• DATA TO EXAMINE:
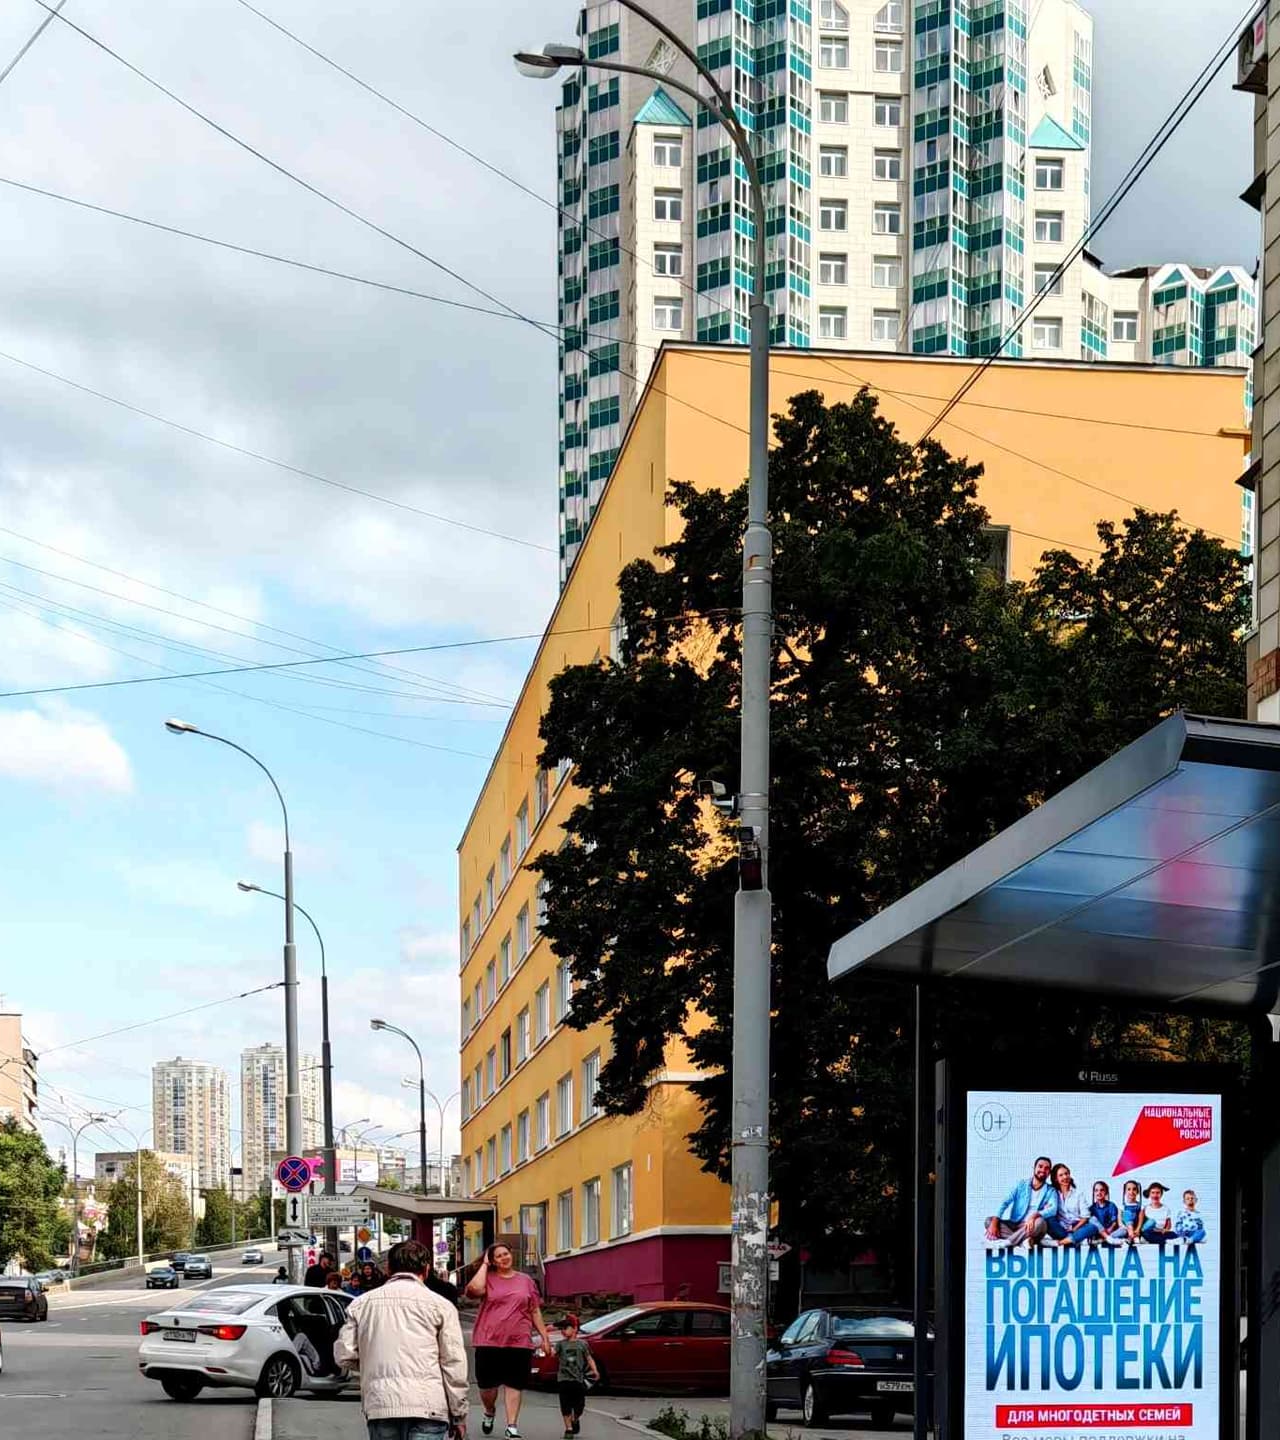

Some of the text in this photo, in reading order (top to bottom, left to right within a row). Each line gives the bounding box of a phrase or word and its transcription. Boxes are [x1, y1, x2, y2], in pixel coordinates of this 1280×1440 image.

[981, 1110, 1006, 1132] 0+
[1144, 1107, 1211, 1119] НАЦИОНАЛЬНЫЕ
[1173, 1118, 1211, 1129] ПРОЕКТЫ
[1180, 1129, 1211, 1140] РОССИИ
[985, 1244, 1203, 1278] ВЫПЛАТА НА
[985, 1279, 1203, 1324] ПОГАШЕНИЕ
[985, 1323, 1203, 1391] ИПОТЕКИ
[1007, 1405, 1181, 1424] ДЛЯ МНОГОДЕТНЫХ СЕМЕЙ
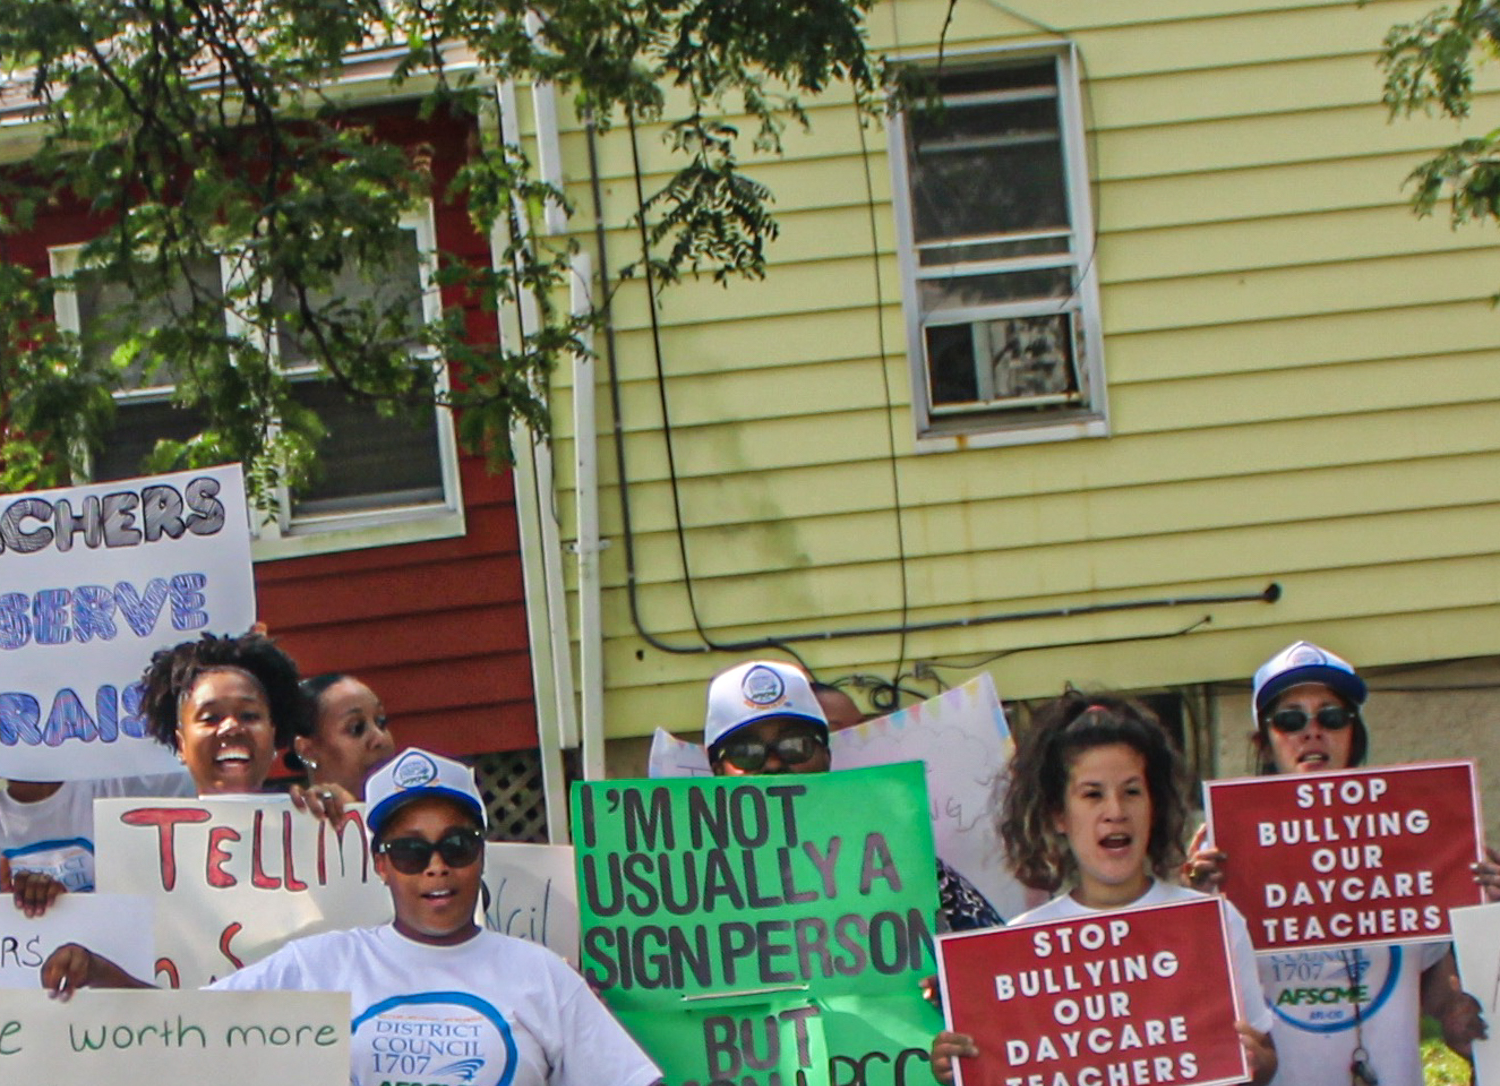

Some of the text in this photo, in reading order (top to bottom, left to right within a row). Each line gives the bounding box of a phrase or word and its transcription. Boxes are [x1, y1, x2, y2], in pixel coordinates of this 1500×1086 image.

[1297, 778, 1388, 810] STOP
[581, 784, 807, 852] I'M NOT
[1258, 809, 1430, 847] BULLYING
[583, 832, 902, 917] USUALLY A
[1311, 845, 1383, 872] OUR
[1264, 871, 1434, 908] DAYCARE
[1032, 920, 1131, 958] STOP
[1262, 906, 1442, 944] TEACHERS
[584, 909, 942, 992] SIGN PERSON
[995, 951, 1179, 1001] BULLYING
[1271, 962, 1323, 982] 1707
[1053, 992, 1129, 1025] OUR
[1277, 985, 1371, 1005] AFSCME
[69, 1015, 207, 1053] worth
[225, 1021, 338, 1048] more
[372, 1037, 484, 1057] COUNCIL
[375, 1021, 483, 1037] DISTRICT
[705, 1007, 819, 1081] BUT
[1005, 1017, 1189, 1067] DAYCARE
[373, 1053, 431, 1075] 1707
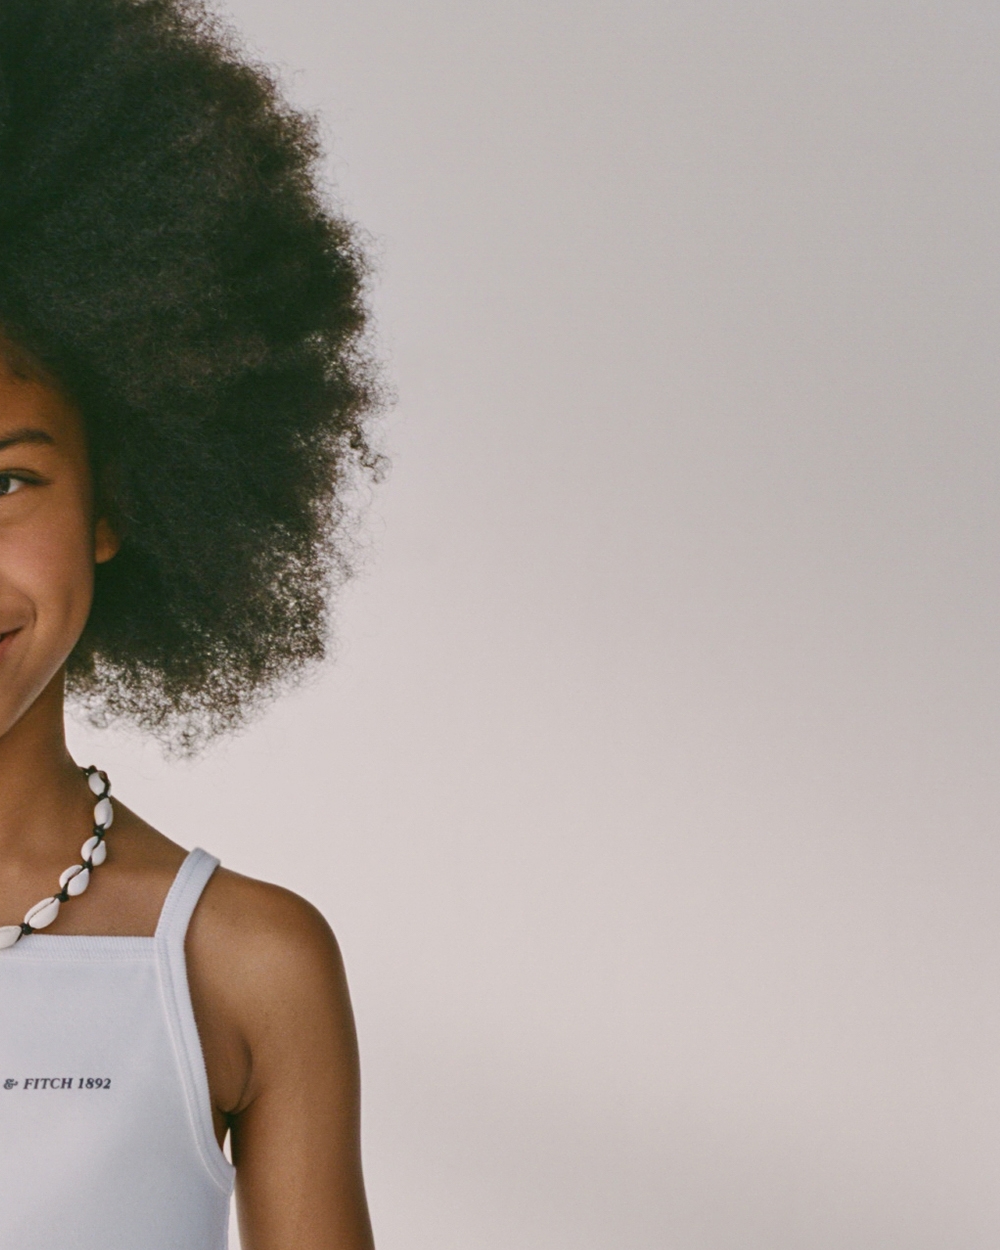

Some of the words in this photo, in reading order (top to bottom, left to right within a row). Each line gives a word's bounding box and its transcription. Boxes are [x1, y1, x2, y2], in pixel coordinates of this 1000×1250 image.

[2, 1078, 19, 1090] &
[22, 1077, 74, 1090] FITCH
[77, 1077, 112, 1090] 1892

• TASK STATEMENT: What is needed is an exact copy of the lines from the one containing "Some of the words" through the last line of the records above, both included.

• ANSWER SPACE:
Some of the words in this photo, in reading order (top to bottom, left to right within a row). Each line gives a word's bounding box and its transcription. Boxes are [x1, y1, x2, y2], in pixel coordinates of this 1000×1250 image.

[2, 1078, 19, 1090] &
[22, 1077, 74, 1090] FITCH
[77, 1077, 112, 1090] 1892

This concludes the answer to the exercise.